When a CML cell divides (any cell for that matter) a lot of energy is needed to conduct the process. ATP is the energy molecule (adenosine triphosphate) cells need to do this.

 

CML cells, therefore, have ATP binding sites so energy can be provided to conduct cell division (as well  as other cellular functions). TKI's are designed to bind to this site and prevent ATP from binding to the location. The result is cellular division is first interrupted and then apoptosis (cell death) takes place because the CML cell itself recognizes a problem. The cell dies. The exciting breakthrough is that the CML cell ATP pockets are unique in shape - different than normal blood cells - and so a TKI can be designed to fit only that pocket and not any other. This is why TKI's are not chemo. TKI's only fit the ATP pocket of CML cells. Mostly. It's not perfect which is why we have side effects. 

 

Also - when a CML cell is not dividing (stem cell level and other levels), those cells are not affected by the TKI. The ATP binding site is not being used, so the TKI has impact. This is why we have to continue taking our TKI's every day for years. Over time, these quiescent cells divide and a TKI is present to prevent ATP from binding. 

 

CML cells don't shrink. CML cells either lie dormant (quiescent), rapidly divide, or die. When they try to rapidly divide, the TKI binds to their ATP site and stops the division; the CML is unable to cope with no energy and dies. 

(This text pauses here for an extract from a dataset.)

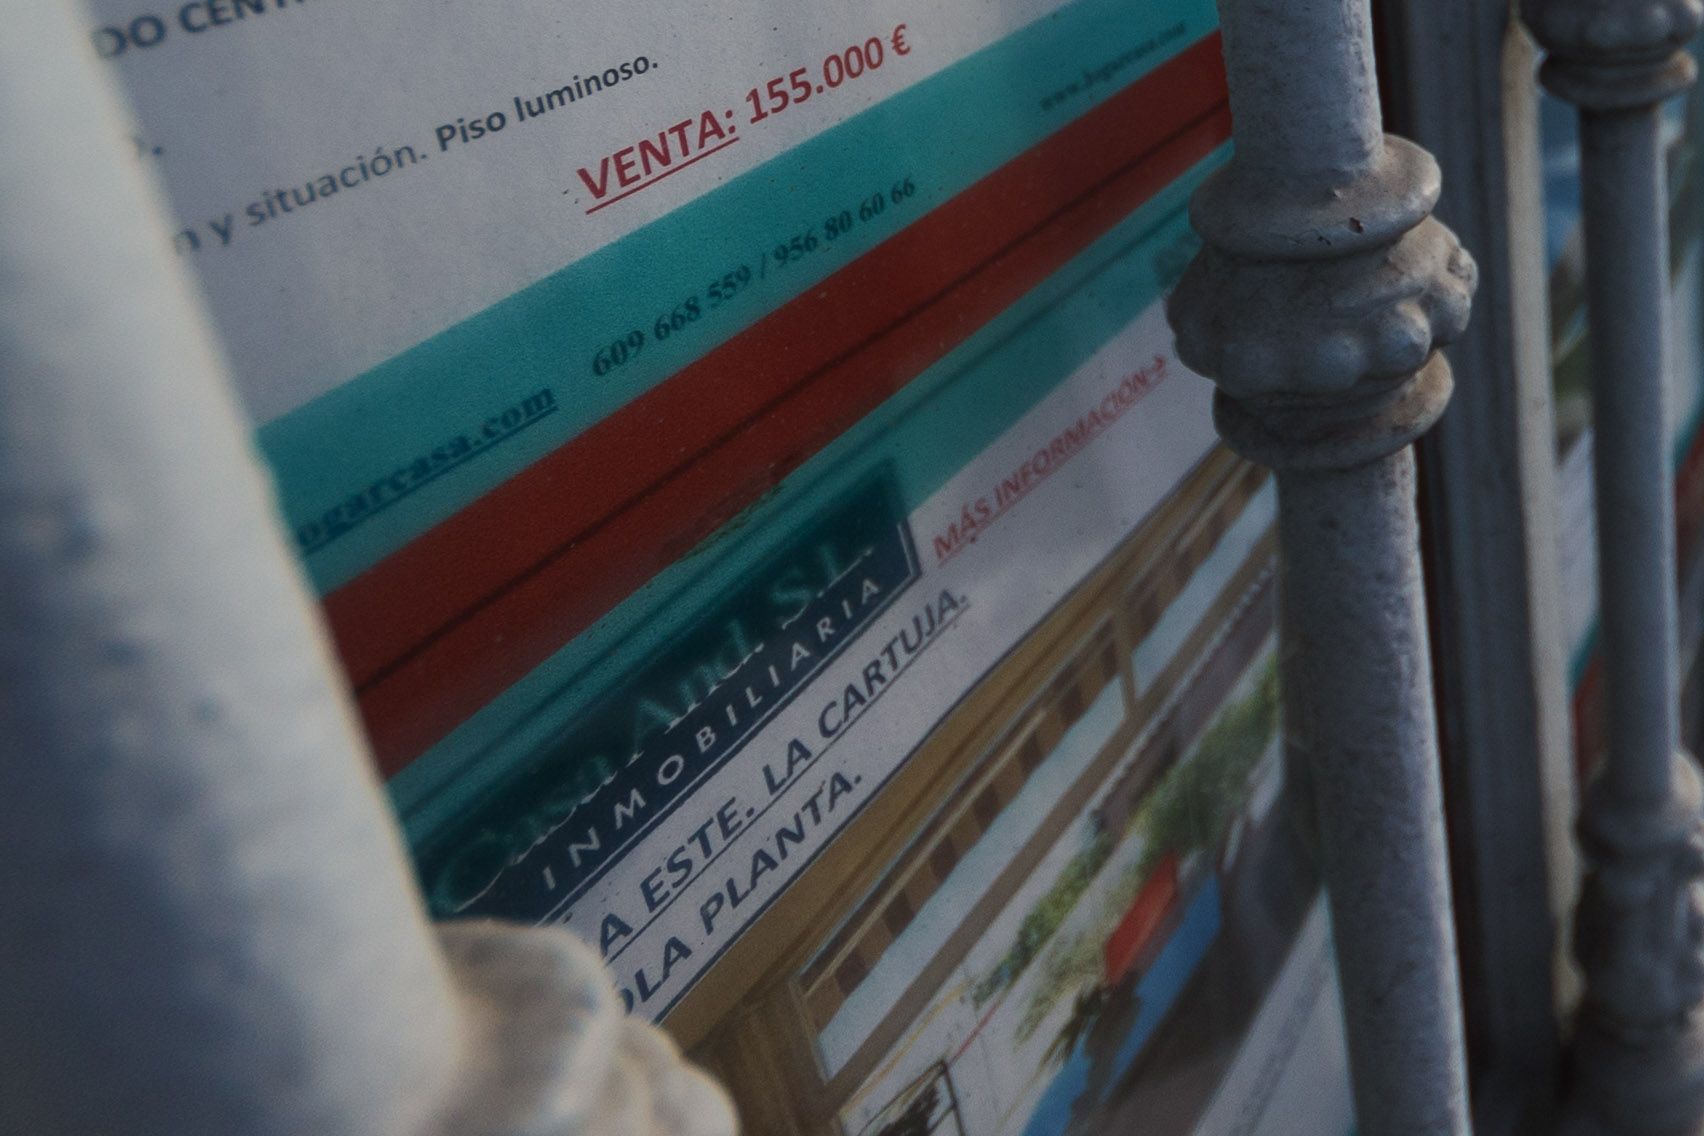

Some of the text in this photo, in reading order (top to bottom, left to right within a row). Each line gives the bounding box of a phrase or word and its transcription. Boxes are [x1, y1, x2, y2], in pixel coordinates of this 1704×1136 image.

Diagnosed 11 May 2011 (100% FiSH, 155% PCR)

with b2a2 BCR-ABL fusion transcript coding for the 210kDa BCR-ABL protein

 

Sprycel: 20 mg per day - taken at lights out with Quercetin and/or Magnesium Taurate

6-8 grams Curcumin C3 complex.

 

2015 PCR: < 0.01% (M.D. Anderson scale)

2016 PCR: < 0.01% (M.D. Anderson scale) 

March        2017 PCR:     0.01% (M.D. Anderson scale)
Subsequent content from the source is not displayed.